As I was maneuvering my Malibu through Wally World's parking lot, I got behind an older gentleman driving a big Pontiac who was slowly turning into one of the parking aisles near the store's southern entrance. I immediately recognized him as a member of that international fraternal brotherhood and cabalistic society known as the Grampy Patrol—a loose-knit organization of elderly men who drive around in big vehicles, preferably pickup trucks, at irritatingly slow speeds, take twenty minutes to make a turn and who always wear hats while doing so. They are among my many arch-nemeses and will remain so until I'm old enough to join them and subvert them from within.

I pulled into the same aisle and then had to slow down to maintain the car-length of distance between my car and his, since he refused to go any faster. It was a good thing that distance was there, though, because the man suddenly came to a halt. Much to my surprise and annoyance, he then threw his car into reverse and started backing up toward me. Turned out, the man had driven right past the empty handicapped parking space near the door and had decided he wanted it after all. However, my car was at that moment perpendicular to that space, blocking the way. The man didn't seem to have noticed this, though, as he had not bothered to even look in his rear view mirror to check if anyone was behind him before throwing it into reverse. He wasn't exactly flying back, though, so I kept waiting for him to catch a glimpse of me and stop. He didn't, because he was not only NOT using his mirror but he wasn't even turning his head to look behind him at all as he backed up. Instead, he was watching the parked cars to his right to gauge his progress.

Seeing that he was going to hit me, I threw my own car into reverse. Fortunately, I DID check my mirror and saw there were several people in the pedestrian walkway directly behind my car. I couldn't back up at all without backing over them. I was trapped!

*HONK*HONK*HONK*, I honked. This seemed to get the man’s attention and he slowed to a halt. For good measure, I gave him several longer, angrier honks. Only then did his head finally swivel around and actually look at me. Still the man remained in reverse. He was actually waiting for me to get out of his way.

FINE!

When the crosswalk was clear, I backed up and took the next aisle down where I found a parking space and quickly got out of my car to go find this guy and vent my fury.

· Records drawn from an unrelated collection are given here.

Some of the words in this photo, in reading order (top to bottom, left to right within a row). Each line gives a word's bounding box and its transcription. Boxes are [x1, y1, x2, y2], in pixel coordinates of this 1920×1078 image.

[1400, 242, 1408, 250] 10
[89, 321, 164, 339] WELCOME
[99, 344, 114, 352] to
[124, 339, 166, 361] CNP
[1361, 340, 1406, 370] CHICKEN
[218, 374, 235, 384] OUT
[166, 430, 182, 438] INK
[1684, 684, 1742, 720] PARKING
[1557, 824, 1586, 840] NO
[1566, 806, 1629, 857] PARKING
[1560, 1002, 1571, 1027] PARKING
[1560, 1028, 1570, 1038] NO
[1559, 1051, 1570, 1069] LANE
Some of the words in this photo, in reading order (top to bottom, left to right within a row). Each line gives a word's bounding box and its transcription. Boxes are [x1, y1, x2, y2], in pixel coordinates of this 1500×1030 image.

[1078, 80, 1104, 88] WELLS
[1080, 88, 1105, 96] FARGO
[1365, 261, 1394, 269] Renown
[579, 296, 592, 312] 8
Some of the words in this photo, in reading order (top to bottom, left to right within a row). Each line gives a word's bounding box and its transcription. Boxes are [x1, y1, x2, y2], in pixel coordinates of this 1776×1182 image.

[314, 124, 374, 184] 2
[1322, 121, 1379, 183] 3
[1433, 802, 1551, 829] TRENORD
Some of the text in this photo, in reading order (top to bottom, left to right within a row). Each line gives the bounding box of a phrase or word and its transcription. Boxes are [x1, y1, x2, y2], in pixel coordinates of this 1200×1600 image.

How could someone have such a colossal failure to exercise common sense in driving? The guy was old enough to have been driving for several decades, so he should know better! Anyone could have been behind him, closer than I was. Hell, a pedestrian could have been behind him and he hadn't bothered to look at all!

I soon spotted him. He had exited his car and was slowly making his way across the pedestrian crosswalk; had his Grampy Patrol hat on and everything. I started in his direction and noticed that he was already looking nervously back over his shoulder in my direction. (Oh, sure, NOW he looks over his shoulder?! ) I'm sure I had a fiery expression of rage on my face, but as I watched this frail little old man hobble along toward the door of Wally World, I was internally starting to soften.

What good could really come from me yelling at this guy for nearly testing my front bumper? Probably none. No one had been hurt, he had hopefully learned the lesson that it was a mistake to blindly throw his car into reverse and I'd already gotten to righteously honk at him, which is always fun. Embarrassing the man in front of half of Wal-Mart was probably not a good idea and would definitely not be respecting my elders.  By the time I'd reached the crosswalk myself, I'd decided I wouldn't yell at him at all.

"Pssst! Hey, pssst!" I heard from my left. It was an equally old man seated on the bench outside of Wally-World's entrance. He was jerking his head at me in an effort to beckon me over. He wasn't wearing a Grampy Patrol hat, so I figured it was safe.

"Yeah?" I said, coming closer. The man nodded in the direction of the thoughtless older man, who was only then reaching the doors of Wally World.

"That's him," the man on the bench said, still nodding in the first one’s direction. I nearly burst out laughing. Dude on the bench was trying to start a fight. Oh, sure, he was wrapping it up in civic-duty, trying to make it seem like he was just helping me find the man who nearly backed into me, but deep down this guy was trying to cause trouble.  Then, as though he had judged me too dim to "get" what he meant, the man on the bench lifted a hand and pointed his finger at the first man, now well within Wally World’s breezeway, and said, "That's him. That's the guy."

"Yeah. I know," I said.

I didn't bother hunting down the Grampy Patrol driver, though we did see one another a couple of more times while I was shopping. Whenever he saw me, he'd look nervous again and maybe shuffle his shopping cart a little faster down the aisle.

Great, I thought, now I'm inadvertently bullying the elderly.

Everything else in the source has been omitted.